Data to use:
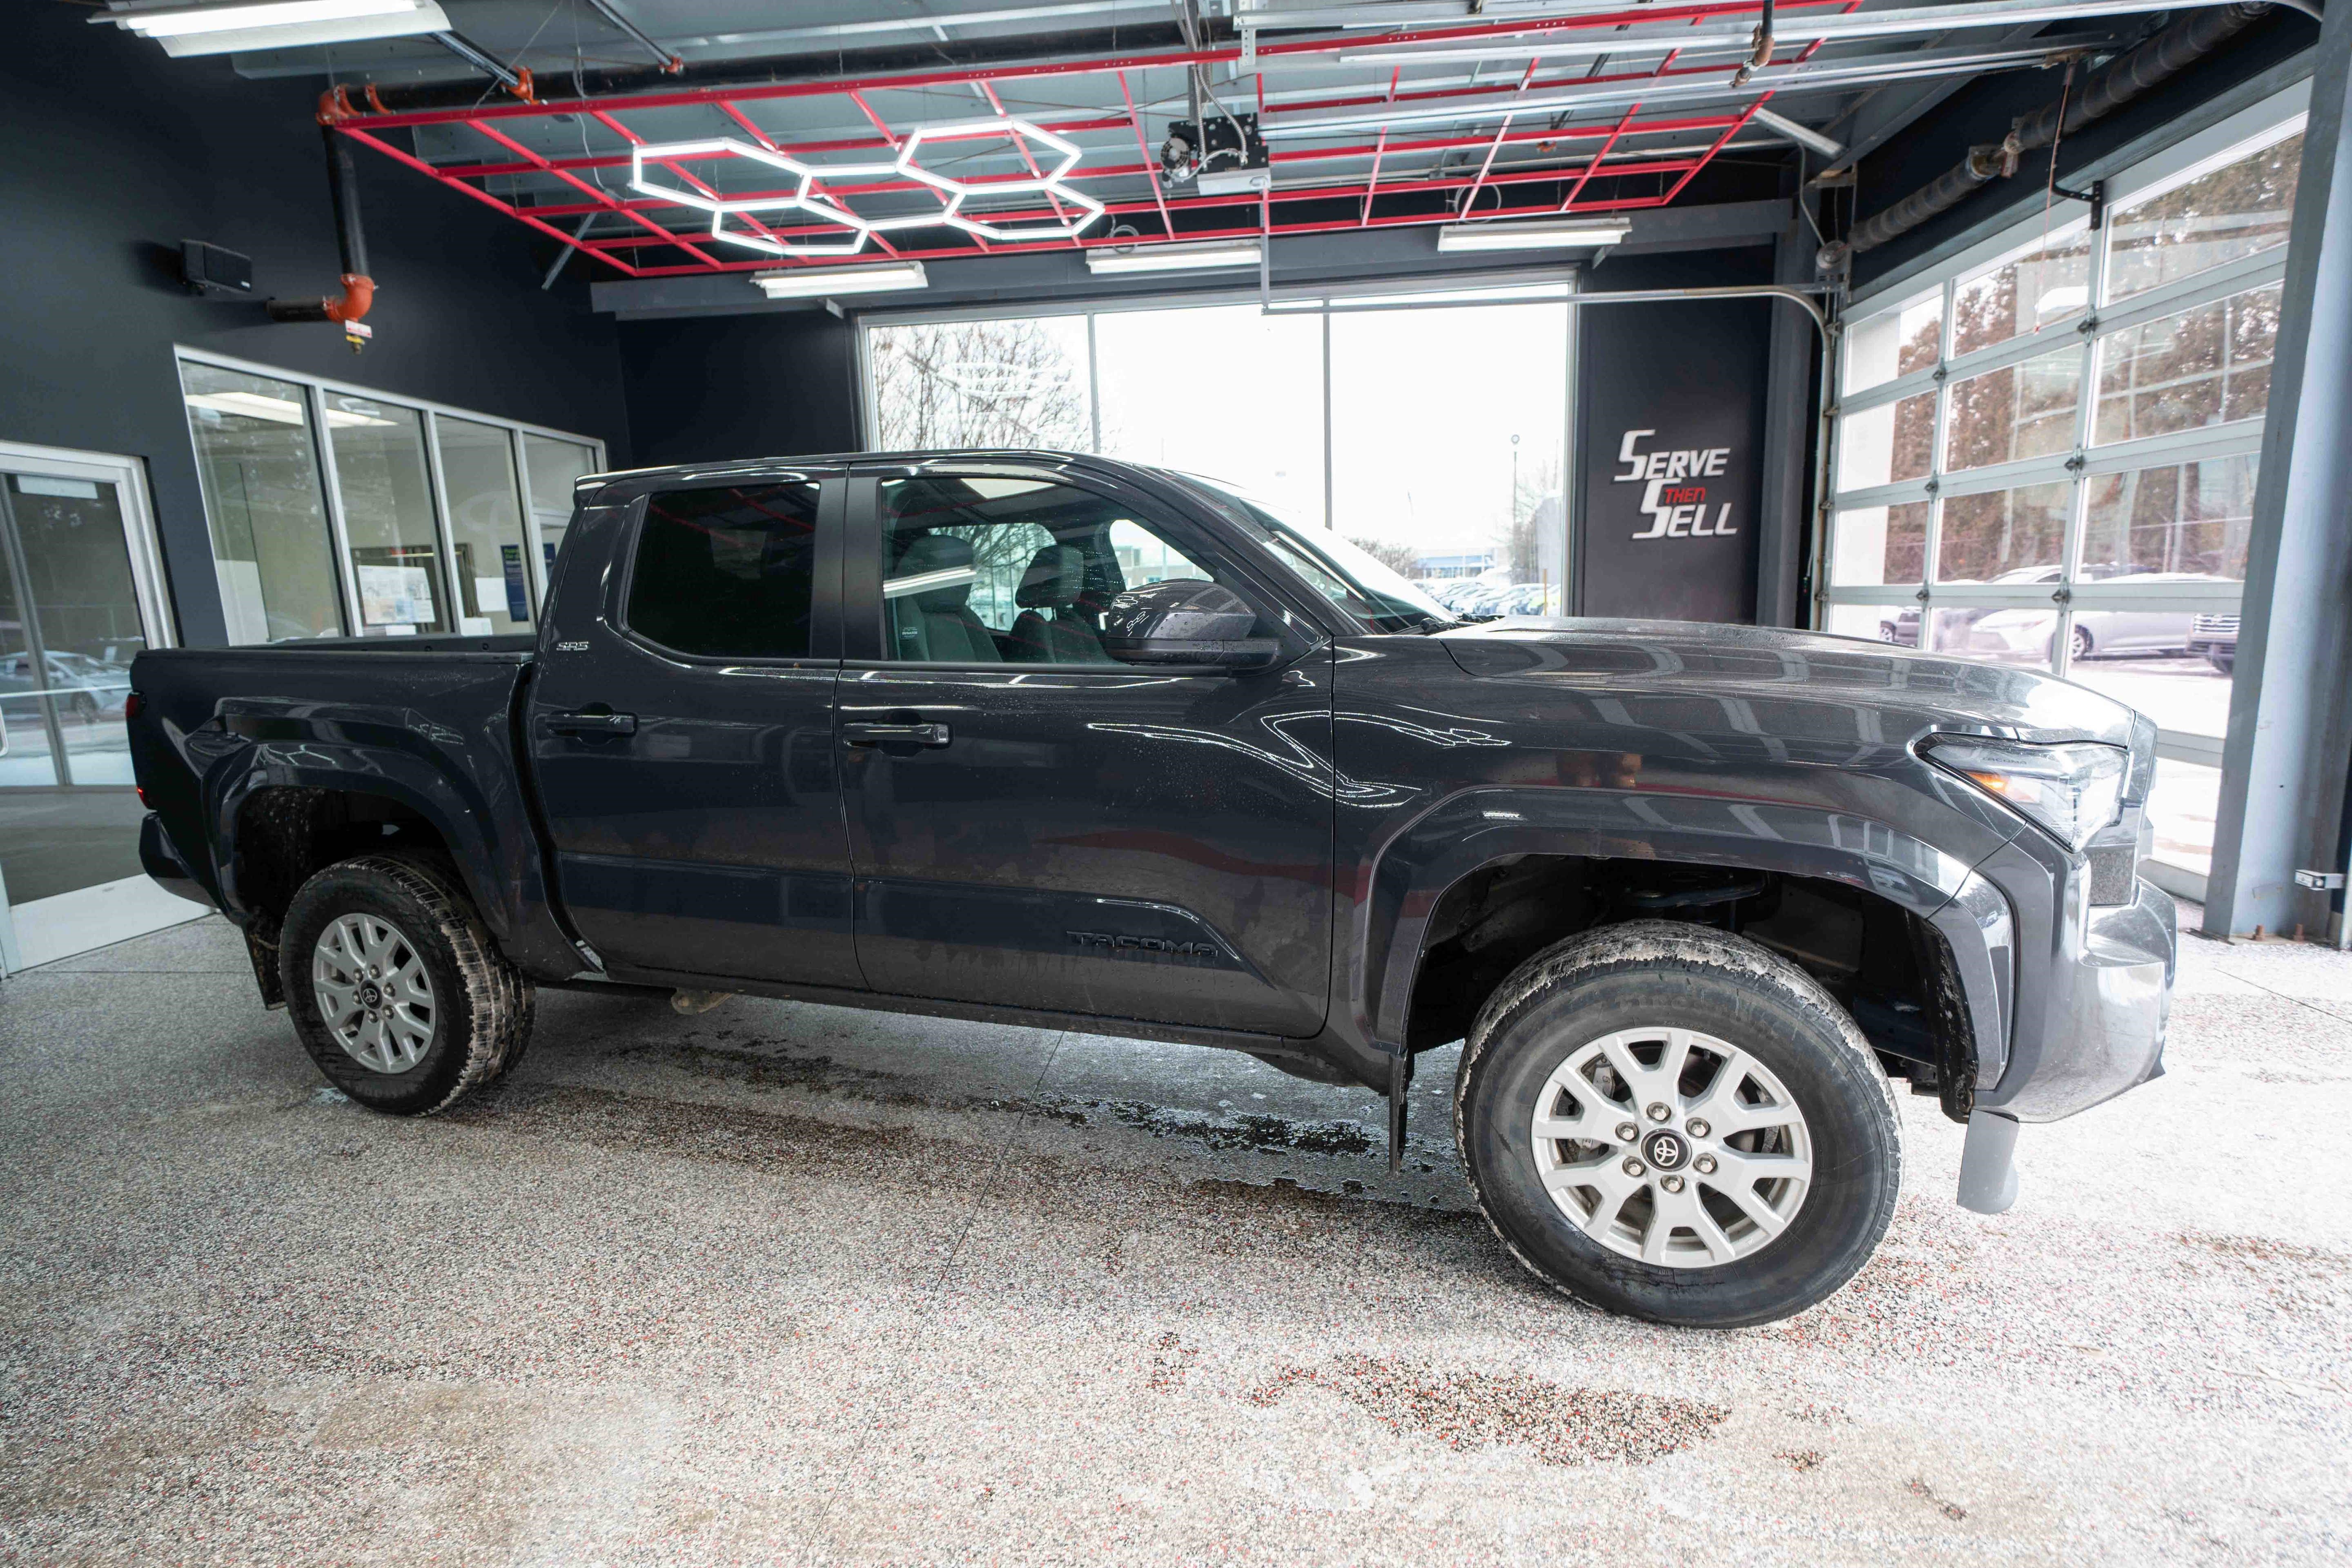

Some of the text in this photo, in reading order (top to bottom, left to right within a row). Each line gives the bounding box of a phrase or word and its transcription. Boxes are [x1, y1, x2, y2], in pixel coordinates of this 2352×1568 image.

[1614, 429, 1731, 481] SERVE
[1632, 477, 1738, 539] SELL
[1665, 487, 1706, 504] THEN
[556, 641, 588, 651] SR5
[1066, 930, 1218, 957] TACOMA

Task directions: Without including any picture, set down the listing above exactly as it appears.

Expected answer:
Some of the text in this photo, in reading order (top to bottom, left to right within a row). Each line gives the bounding box of a phrase or word and its transcription. Boxes are [x1, y1, x2, y2], in pixel coordinates of this 2352×1568 image.

[1614, 429, 1731, 481] SERVE
[1632, 477, 1738, 539] SELL
[1665, 487, 1706, 504] THEN
[556, 641, 588, 651] SR5
[1066, 930, 1218, 957] TACOMA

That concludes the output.